Escribo esta carta sólo para recordar a Ibiza, y sobre todo a las autoridades, que las cosas en ses Païsses no han cambiado nada en absoluto. El Gala Night sigue haciendo sus fiestas y, aunque han puesto gente para controlar al personal, la realidad es que se siguen meando en nuestras casas, que siguen dejando basura por toda la calle y que son las tantas y no hemos podido dormir. También lamento decir que hemos sido abandonados por las fuerzas de seguridad, que ya no aparecen a no ser que les llames puntualmente y si no tienen mucho trabajo, cosa que cuando hablamos del verano en Sant Antoni parece un chiste.

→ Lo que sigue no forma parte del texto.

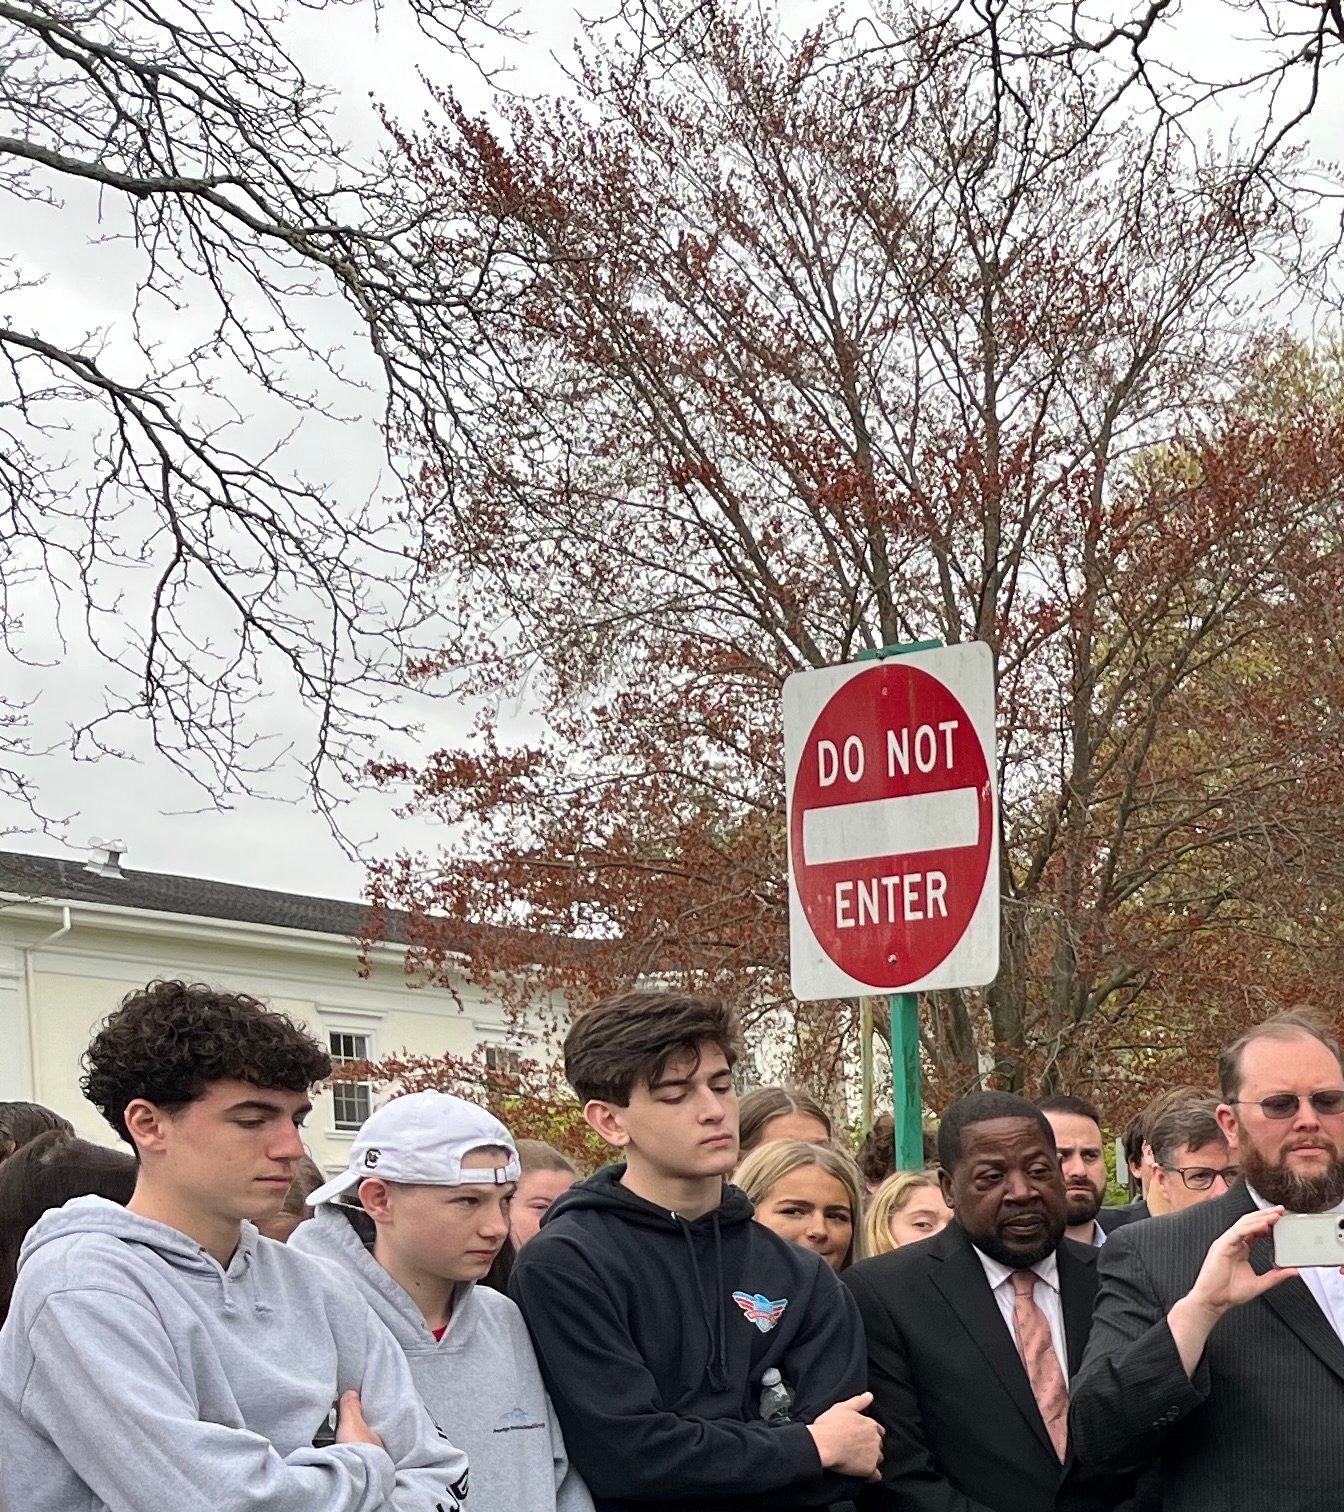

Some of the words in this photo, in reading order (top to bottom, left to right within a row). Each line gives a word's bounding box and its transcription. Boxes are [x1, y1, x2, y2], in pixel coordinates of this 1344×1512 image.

Nos hemos pasado media vida llenándonos la boca con la frase «comemos de esta gente». Me gustaría saber que es lo que comemos de ellos y sobre todo si nos compensa, porque es tan lamentable lo que ocurre en este barrio como ver Sant Antoni por las mañanas. Si pasas por el pueblo temprano, ponte unas botas y deja las chanclas en casa que puedes coger cualquier cosa.
El ayuntamiento anunció a bombo y platillo este año que iba a realizar mediciones acústicas y que se aplicarían sanciones. Sepan que las mediciones sonoras en Sant Antoni, han de hacerse con las ventanas cerradas: o te dejan sordo o te ahogas o ambas cosas.
Que Dios reparta suerte y paciencia.